Marcus, an appointee of former Democratic President Bill Clinton, pointed to the large number of people who lack health insurance and said their inability to pay for health care has a “profound effect” on commerce.

“There is a less of a chance that an individual will go through his entire life without ever consuming health-care services than there is that he will win the Irish Sweepstakes at the very moment he is struck by lightning,” Marcus wrote. “Nor are there more than a miniscule number of Americans who could afford to take on the financial risk of a personal medical catastrophe out of their own pockets.”

But Hull, a Clinton appointee, and Dubina, an appointee of Republican former President George H.W. Bush, said the Supreme Court has never interpreted the Commerce Clause to allow Congress to “dictate the financial decisions of Americans through an economic mandate.”

“In sum, the individual mandate is breathtaking in its expansive scope,” Hull and Dubina wrote jointly. “It regulates those who have not entered the health care market at all. It regulates those who have entered the health care market but have not entered the insurance market (and have no intention of doing so).”

It remained unclear Friday when the Supreme Court might take up the constitutionality of the health law. It also is unclear whether justices would consider the 11th Circuit decision or one of several other cases that have drawn mixed rulings from judges across the country.

But state Rep. Matt Hudson, a Naples Republican who is a critic of the federal law, said the rulings by the appeals court and Vinson are a sign that the individual mandate could be found unconstitutional.

“This is a very good indicator that what we have been saying all along is in fact correct,” said Hudson, the House’s chief health budget writer.

By Jim Saunders
The News Service of Florida

Comments

5 Responses to “Another Appeals Court Rejects Federal Health Care Law”

  1. David Huie Green on August 15th, 2011 1:53 pm

    REGARDING:
    ” “The People” no longer have control of the government!”

    The Constitution is the ultimate control of the federal government. It spells out what they are empowered to do and what they are forbidden to do. If they overstep their authority under the Constitution, the Constitutionally established branch of the federal government, the judiciary, is to let them know. If they fail to do so or do so improperly or ignore the judiciary, the Constitution allows for amendment to force the question or change the ground rules.

    The government does several things I believe violate its limited enumerated powers, but most people either disagree or don’t care, so the people are still in control.

    David thinking The People have
    all the control we wish to exert

  2. 429SCJ on August 13th, 2011 7:38 pm

    When The Chairman and Joint Chiefs take command, they will do a much better job than the despot clowns we elected.

  3. huh on August 13th, 2011 5:46 pm

    Its very sad that the USA doesn’t have full universal healthcare for all.

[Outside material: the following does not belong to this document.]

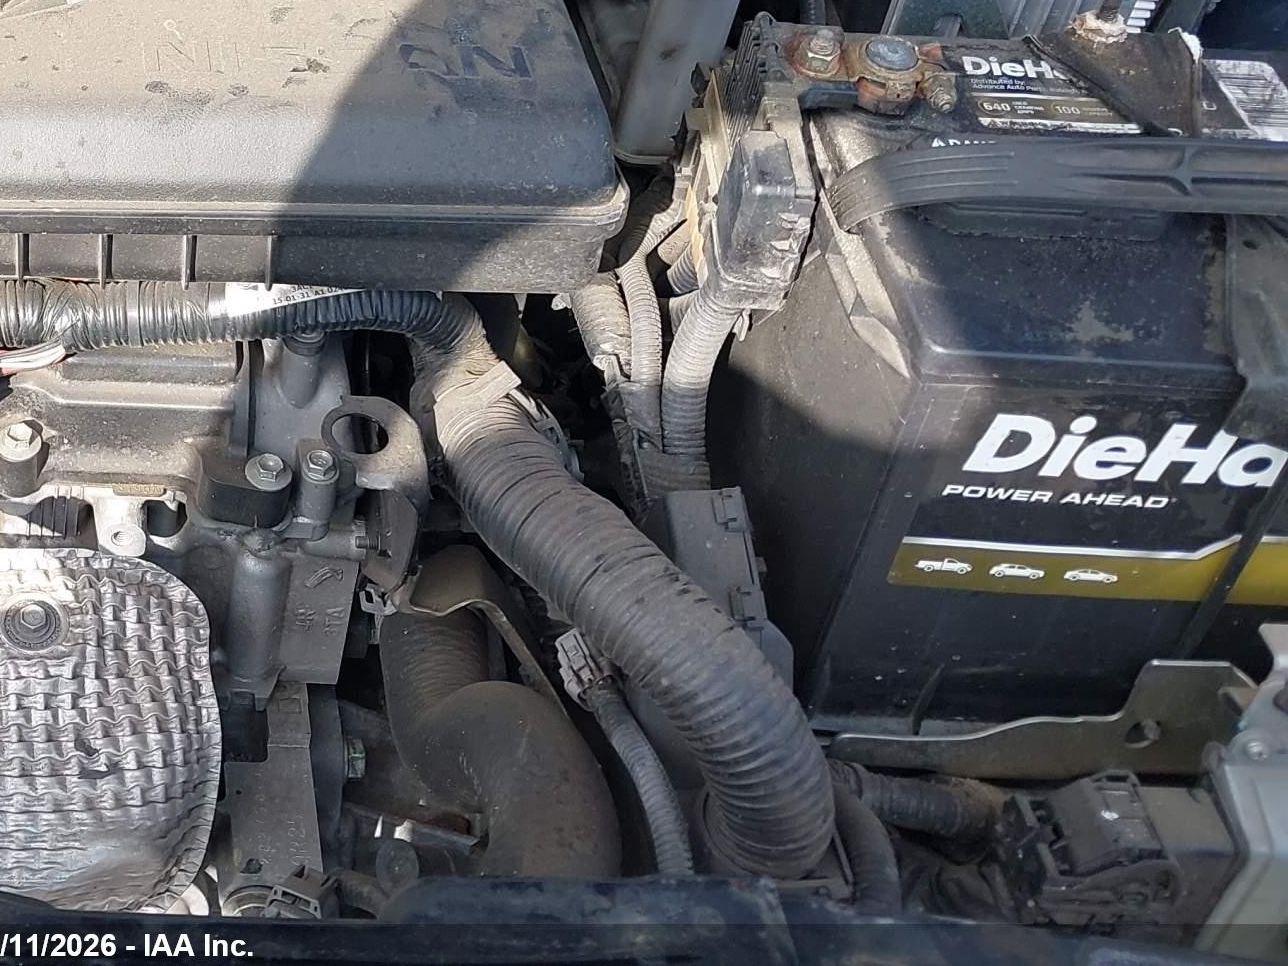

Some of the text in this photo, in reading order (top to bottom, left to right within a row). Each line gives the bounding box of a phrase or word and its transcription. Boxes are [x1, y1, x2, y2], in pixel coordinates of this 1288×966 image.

[982, 101, 1011, 112] 640
[1055, 105, 1081, 115] 100
[942, 484, 1054, 503] POWER

Other countries can do it, not sure why the usa falls behind

  4. INSURED on August 13th, 2011 9:25 am

    An Alabama employer has presented it’s employees a health insurance package. The employer is saying they are trying to get their own system into place before this law goes into effect, if they don’t they will be forced to pay for gov’t insurance. So far so good, but here is where it gets fuzzy, they are saying if the employee is not on a health insurance plan already they must get on one or accept the one that has been presented or face TERMINATION. Just wondering if this is even legal. I’m sure it is, i would think they(the employer) would have their bases covered before putting a plan like this into action.

  5. joe on August 13th, 2011 2:39 am

    this is an example of what happens when “The People” no longer have control of the government!